### TASK GOAL:
Apart from the pictures, every record here must be copied word for word.
━━━━━ MATERIAL TO PROCESS ━━━━━
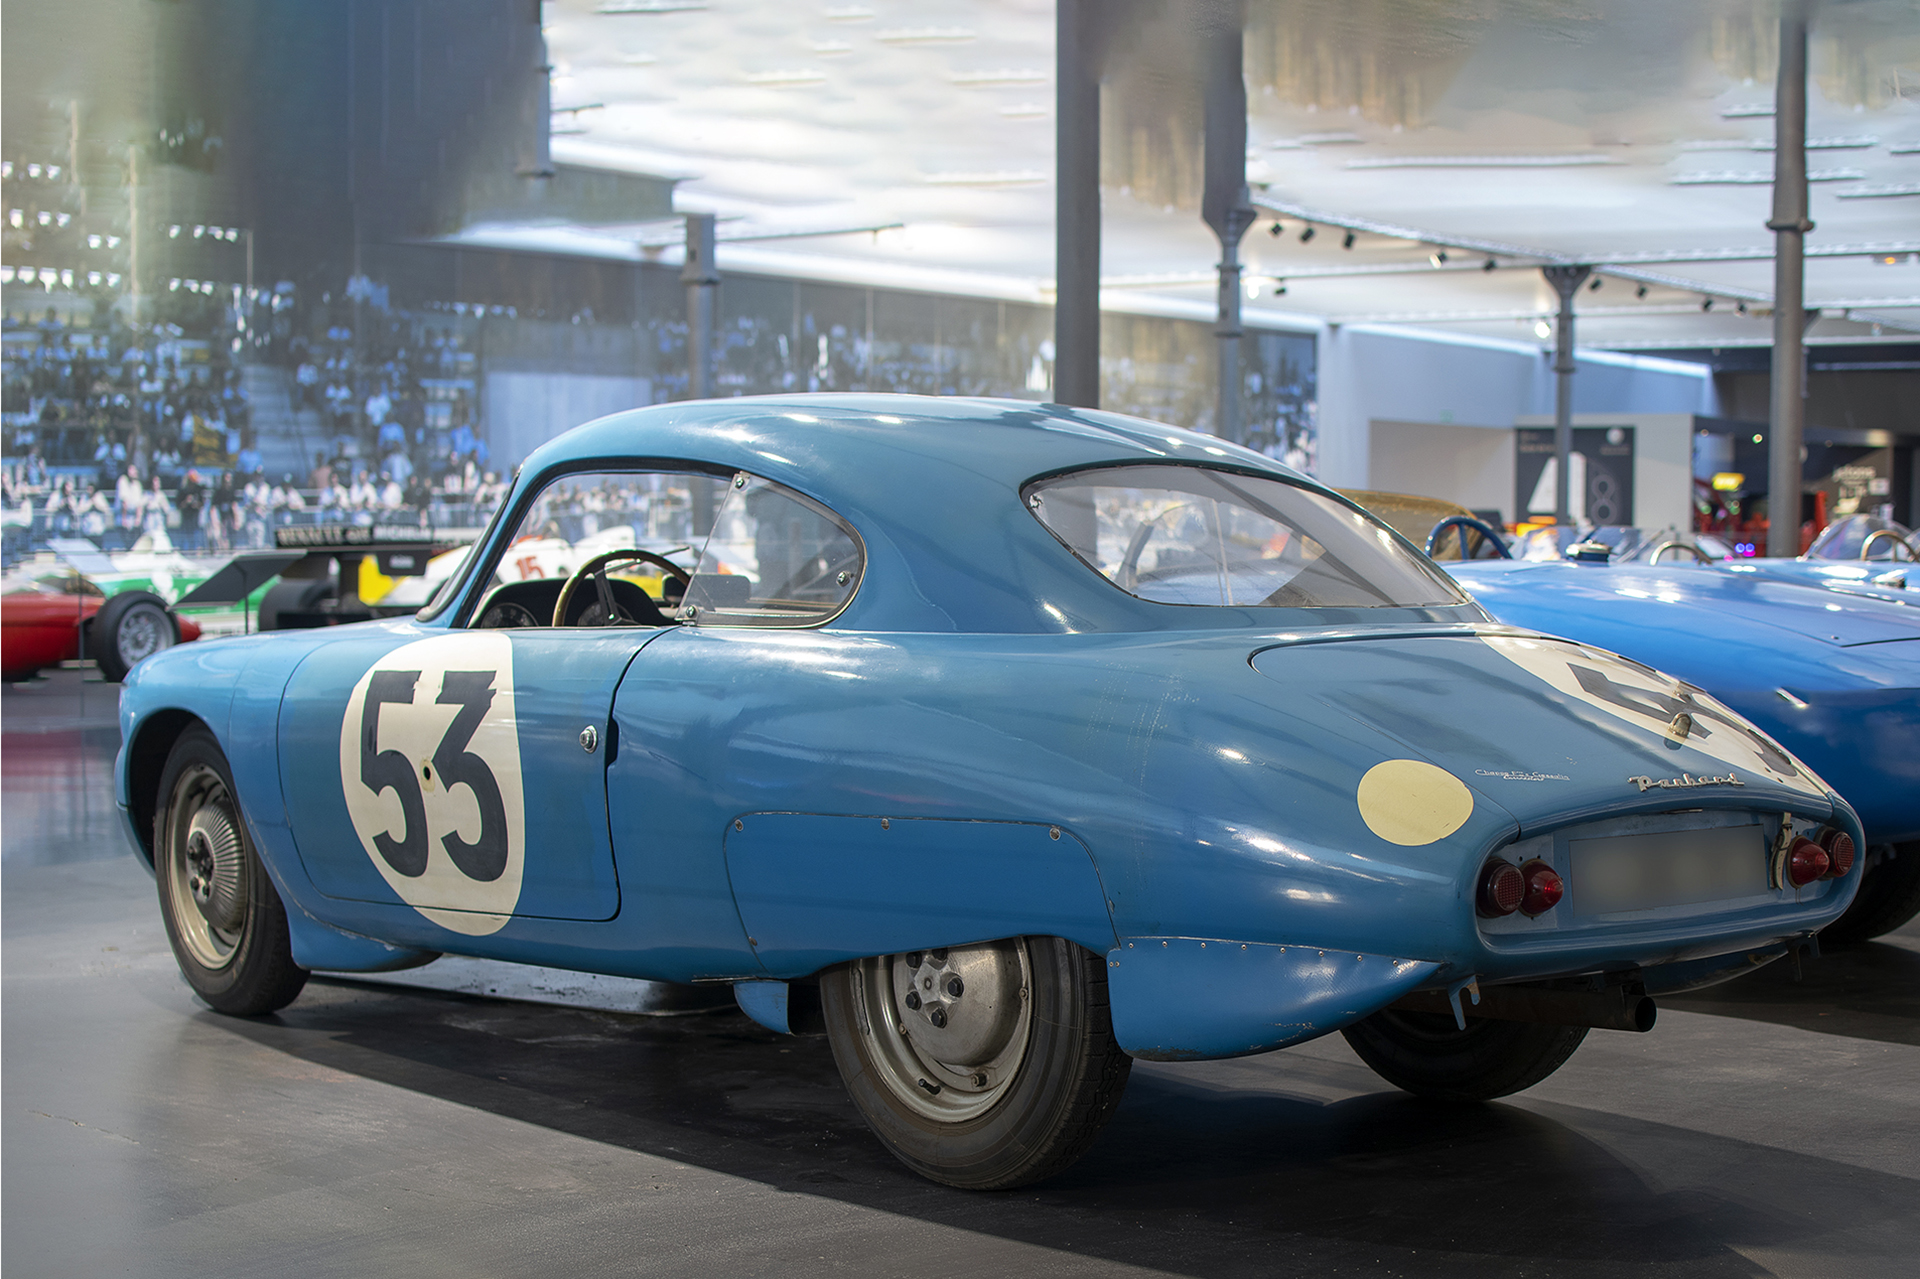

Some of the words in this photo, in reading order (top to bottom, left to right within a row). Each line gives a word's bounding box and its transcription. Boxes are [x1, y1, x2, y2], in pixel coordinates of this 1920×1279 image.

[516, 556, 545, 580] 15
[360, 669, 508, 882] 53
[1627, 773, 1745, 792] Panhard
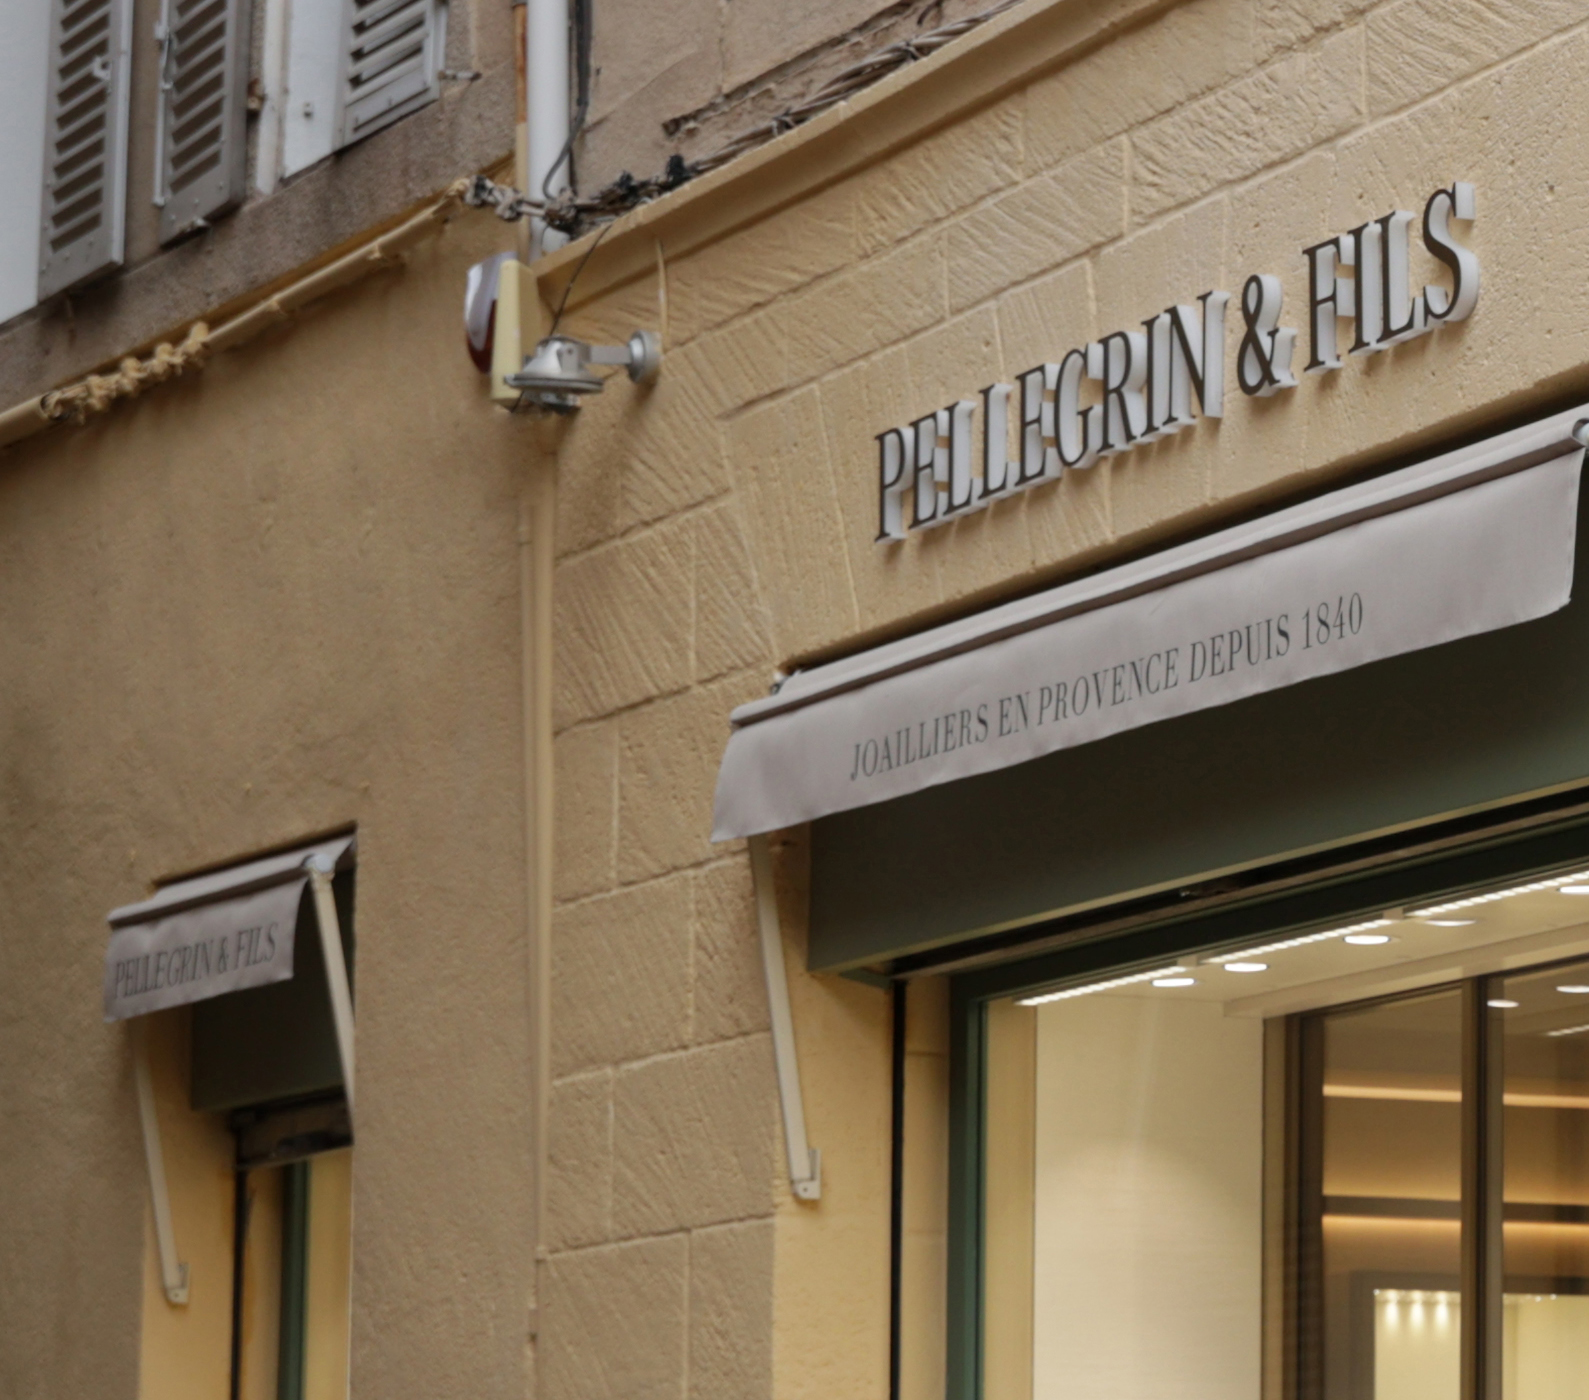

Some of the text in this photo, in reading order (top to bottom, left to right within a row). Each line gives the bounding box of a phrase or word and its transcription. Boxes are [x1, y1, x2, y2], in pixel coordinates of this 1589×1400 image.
━━━━━
### THE COMPLETED TASK:
Some of the words in this photo, in reading order (top to bottom, left to right within a row). Each line gives a word's bounding box and its transcription. Boxes are [x1, y1, x2, y2], in pixel coordinates of this 1920×1279 image.

[516, 556, 545, 580] 15
[360, 669, 508, 882] 53
[1627, 773, 1745, 792] Panhard

Some of the text in this photo, in reading order (top to bottom, left to right within a row). Each line gives the bounding box of a phrase or word and its transcription. Boxes are [x1, y1, x2, y2], in pixel coordinates of this 1589×1400 image.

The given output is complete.